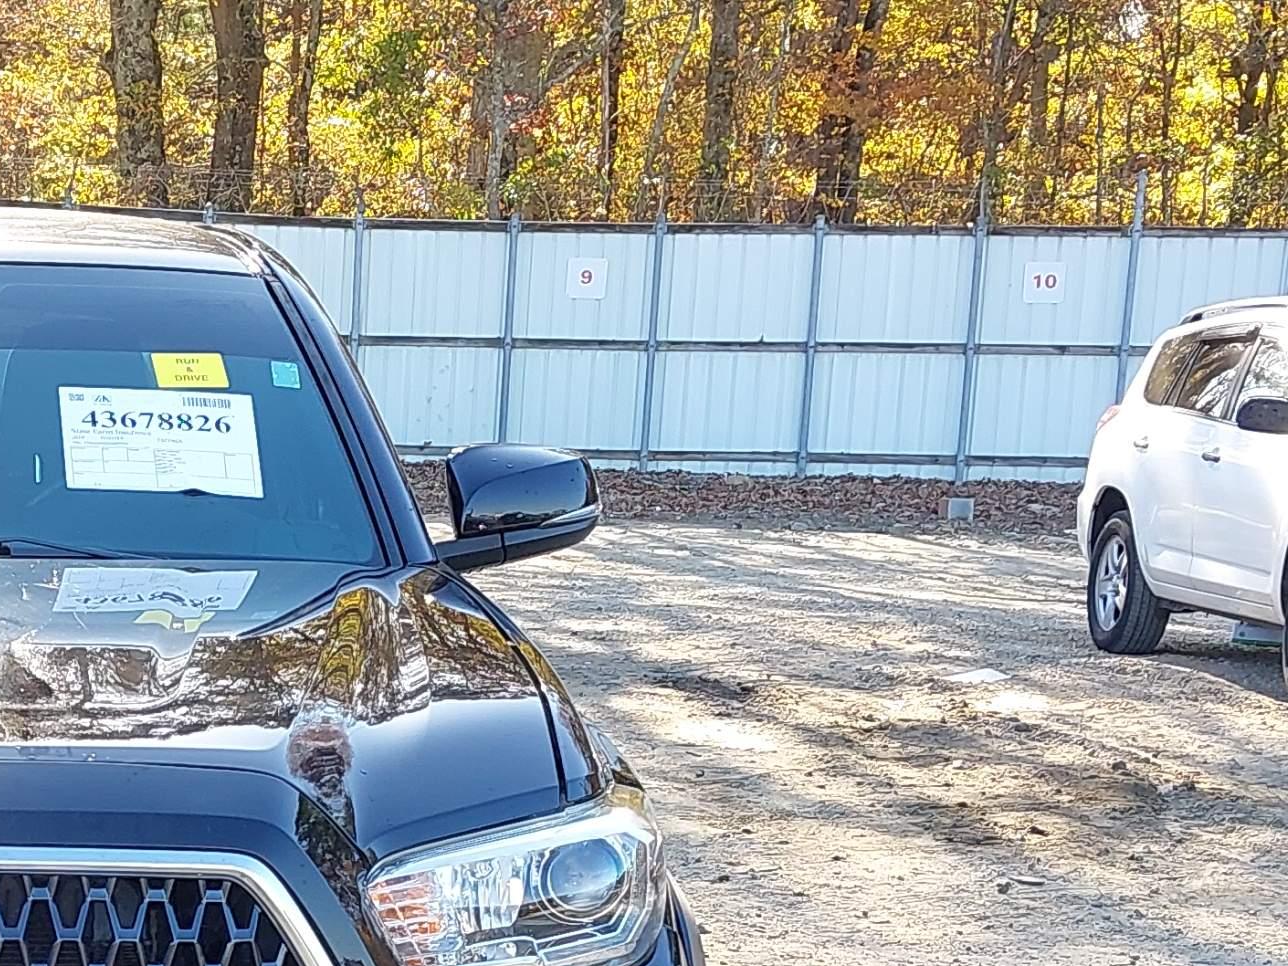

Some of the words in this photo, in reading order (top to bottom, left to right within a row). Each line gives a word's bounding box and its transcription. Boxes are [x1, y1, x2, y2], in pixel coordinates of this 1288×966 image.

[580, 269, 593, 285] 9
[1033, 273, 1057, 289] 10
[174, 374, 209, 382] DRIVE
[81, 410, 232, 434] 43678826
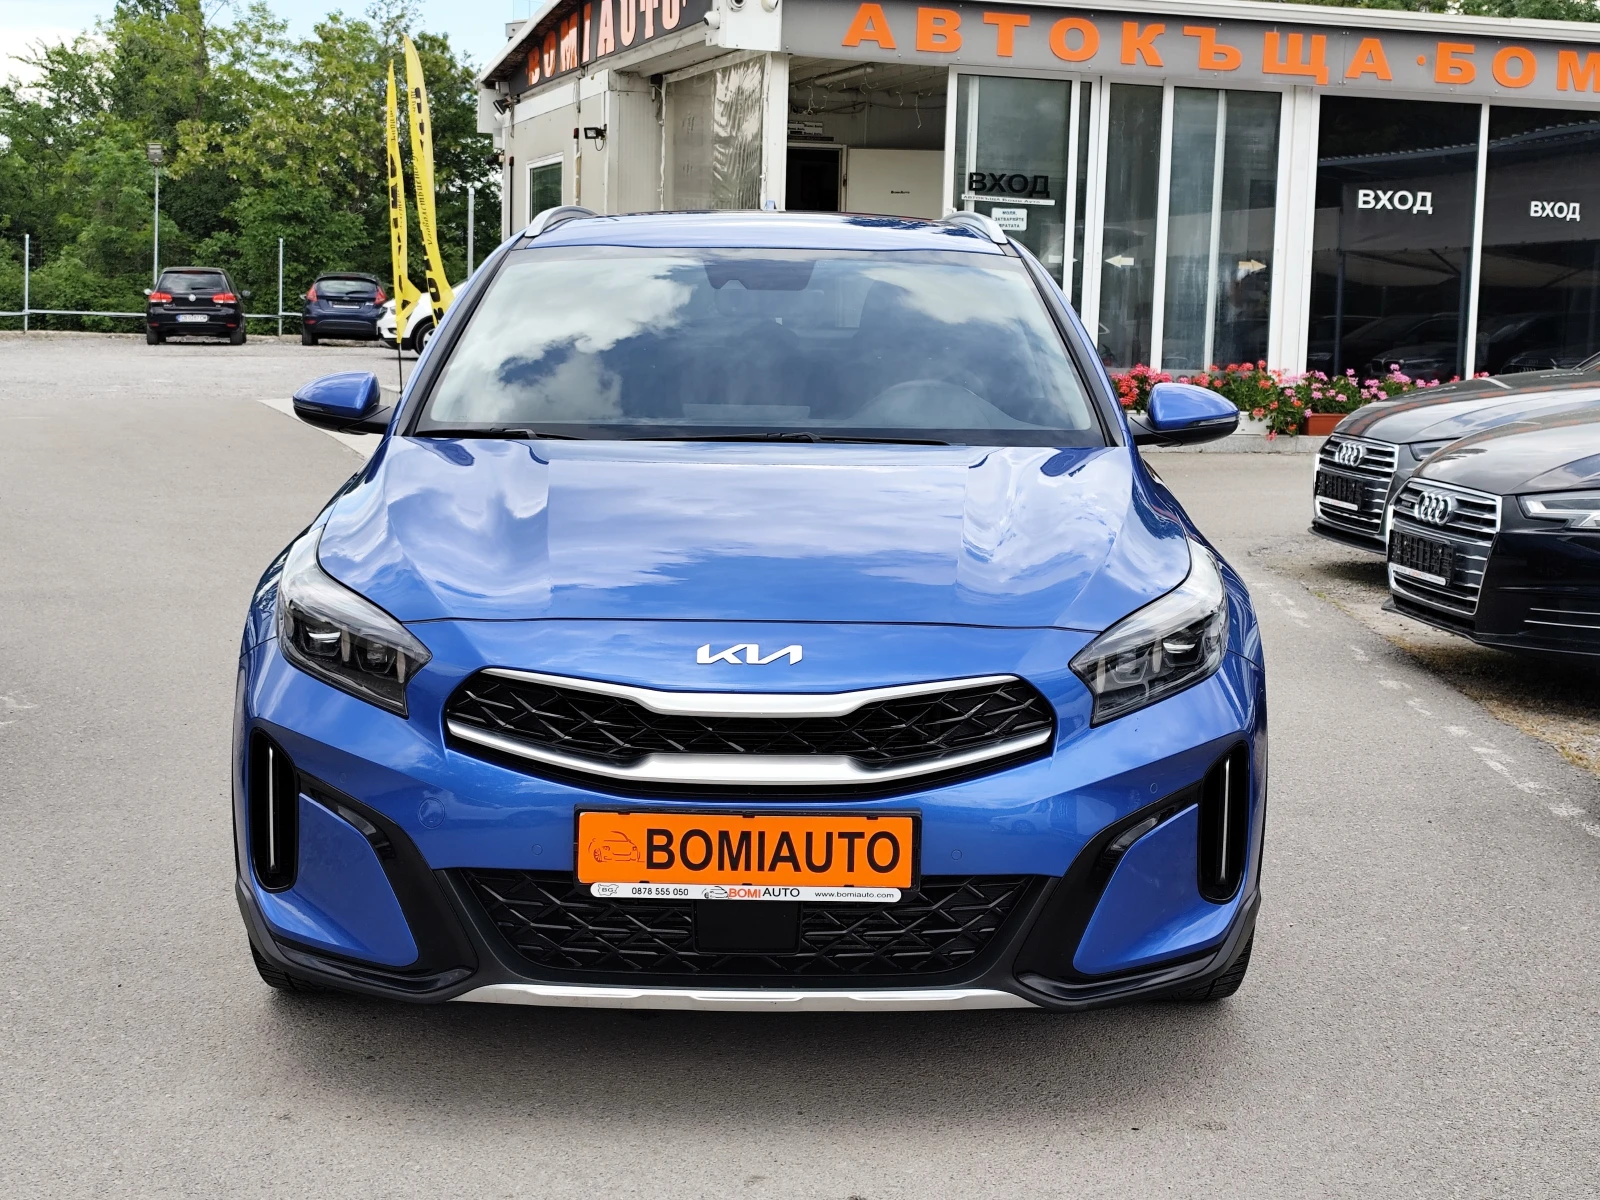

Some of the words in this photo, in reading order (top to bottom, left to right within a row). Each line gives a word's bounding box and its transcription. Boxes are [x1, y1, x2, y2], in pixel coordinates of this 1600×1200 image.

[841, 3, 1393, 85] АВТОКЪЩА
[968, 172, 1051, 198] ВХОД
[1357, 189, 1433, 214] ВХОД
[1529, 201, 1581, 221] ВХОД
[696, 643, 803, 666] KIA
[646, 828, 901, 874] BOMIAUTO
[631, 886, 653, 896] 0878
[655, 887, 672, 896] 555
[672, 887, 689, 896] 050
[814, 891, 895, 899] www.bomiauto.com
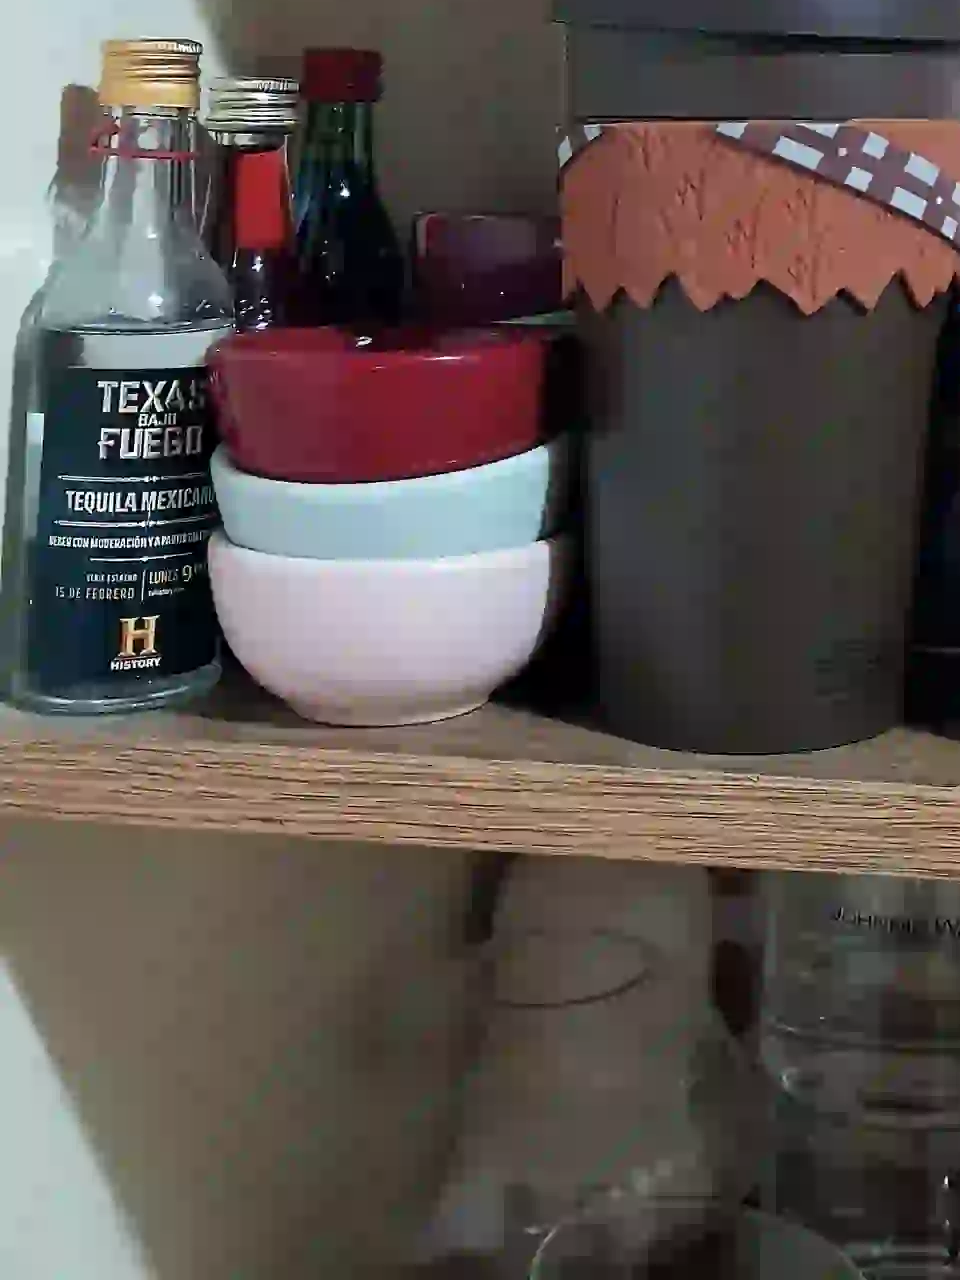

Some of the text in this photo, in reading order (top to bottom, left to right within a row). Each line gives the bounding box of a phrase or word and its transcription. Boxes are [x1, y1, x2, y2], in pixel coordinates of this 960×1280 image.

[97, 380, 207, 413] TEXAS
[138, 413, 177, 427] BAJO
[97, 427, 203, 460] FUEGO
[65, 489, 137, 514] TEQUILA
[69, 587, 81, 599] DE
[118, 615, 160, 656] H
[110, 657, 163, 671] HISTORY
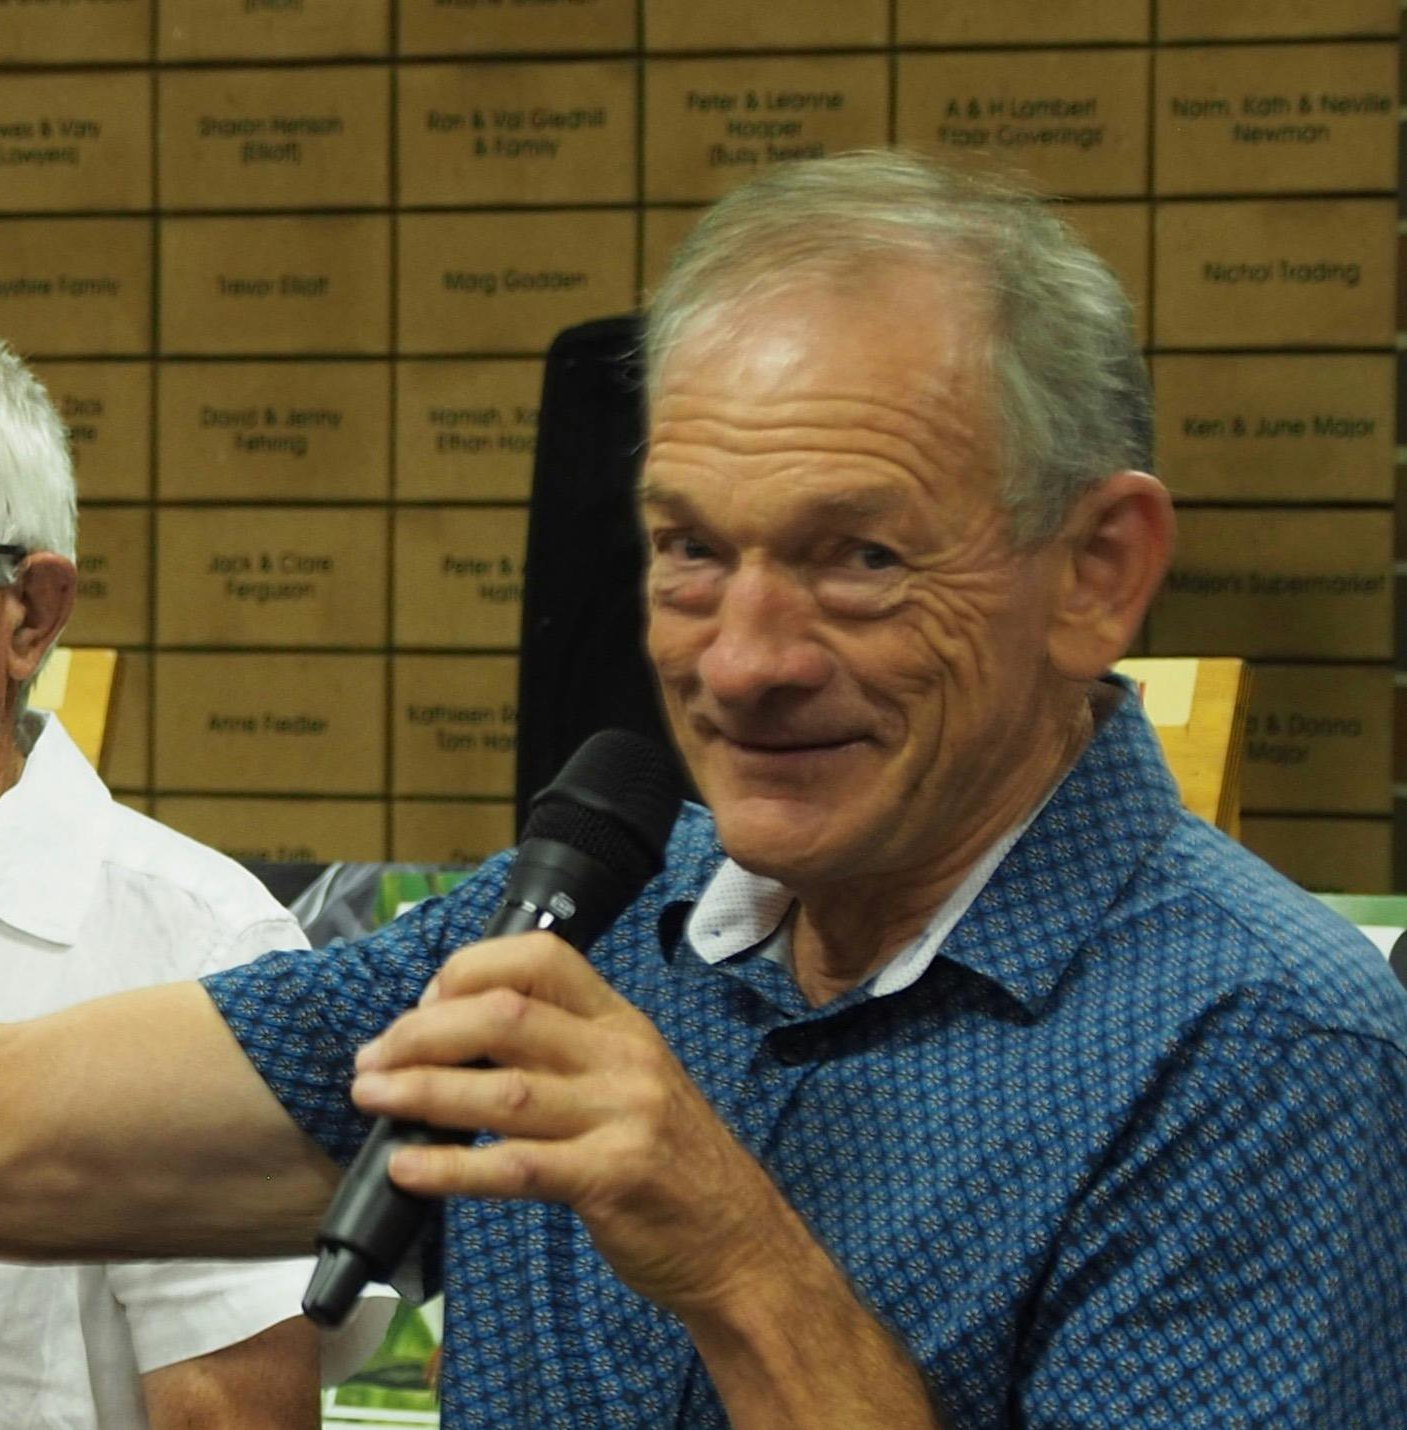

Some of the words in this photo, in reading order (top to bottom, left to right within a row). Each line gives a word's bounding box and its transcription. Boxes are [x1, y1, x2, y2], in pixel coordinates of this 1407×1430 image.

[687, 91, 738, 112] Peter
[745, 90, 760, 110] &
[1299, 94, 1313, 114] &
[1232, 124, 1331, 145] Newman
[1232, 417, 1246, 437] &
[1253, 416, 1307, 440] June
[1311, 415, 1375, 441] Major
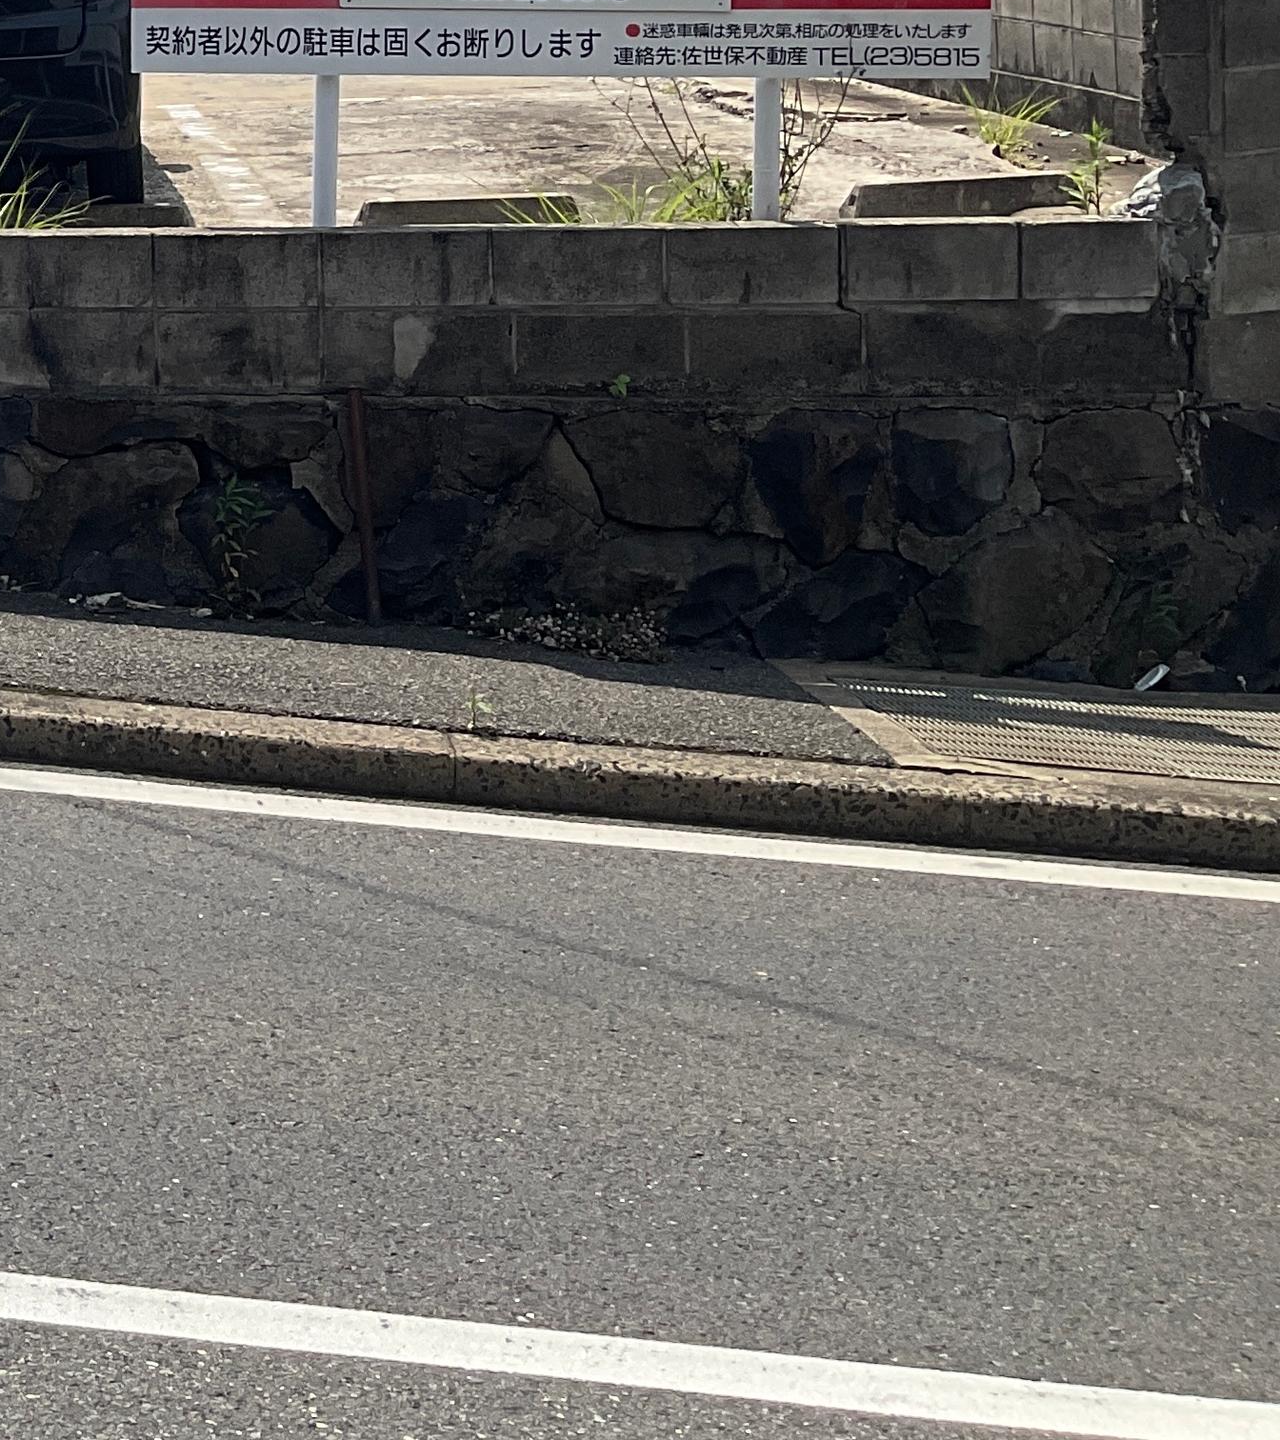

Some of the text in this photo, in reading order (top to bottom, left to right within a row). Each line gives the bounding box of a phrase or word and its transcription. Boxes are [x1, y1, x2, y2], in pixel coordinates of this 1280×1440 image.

________________________

[Try it] Where a picture appears, skip it; repeat everything else in the data exactly.

[Output below]
Some of the words in this photo, in reading order (top to bottom, left to right within a row). Each line gives a word's bounding box and its transcription. Boxes are [x1, y1, x2, y2], in pixel coordinates of this 1288×966 image.

[580, 269, 593, 285] 9
[1033, 273, 1057, 289] 10
[174, 374, 209, 382] DRIVE
[81, 410, 232, 434] 43678826

Some of the words in this photo, in reading order (top to bottom, left to right within a row). Each line gives a word's bounding box and its transcription. Boxes are [x1, y1, x2, y2], in pixel coordinates of this 1600×1200 image.

[841, 3, 1393, 85] АВТОКЪЩА
[968, 172, 1051, 198] ВХОД
[1357, 189, 1433, 214] ВХОД
[1529, 201, 1581, 221] ВХОД
[696, 643, 803, 666] KIA
[646, 828, 901, 874] BOMIAUTO
[631, 886, 653, 896] 0878
[655, 887, 672, 896] 555
[672, 887, 689, 896] 050
[814, 891, 895, 899] www.bomiauto.com

Some of the text in this photo, in reading order (top to bottom, left to right within a row). Each line gives the bounding box of a phrase or word and its transcription. Boxes are [x1, y1, x2, y2], in pixel coordinates of this 960×1280 image.

[97, 380, 207, 413] TEXAS
[138, 413, 177, 427] BAJO
[97, 427, 203, 460] FUEGO
[65, 489, 137, 514] TEQUILA
[69, 587, 81, 599] DE
[118, 615, 160, 656] H
[110, 657, 163, 671] HISTORY

Some of the words in this photo, in reading order (top to bottom, left to right within a row). Each line gives a word's bounding box and its transcription. Boxes are [x1, y1, x2, y2], in pixel coordinates of this 1407×1430 image.

[687, 91, 738, 112] Peter
[745, 90, 760, 110] &
[1299, 94, 1313, 114] &
[1232, 124, 1331, 145] Newman
[1232, 417, 1246, 437] &
[1253, 416, 1307, 440] June
[1311, 415, 1375, 441] Major

Some of the text in this photo, in reading order (top to bottom, left to right within a row). Each line gives the bounding box of a phrase or word and its transcription. Boxes are [x1, y1, x2, y2], in pixel coordinates of this 1280×1440 image.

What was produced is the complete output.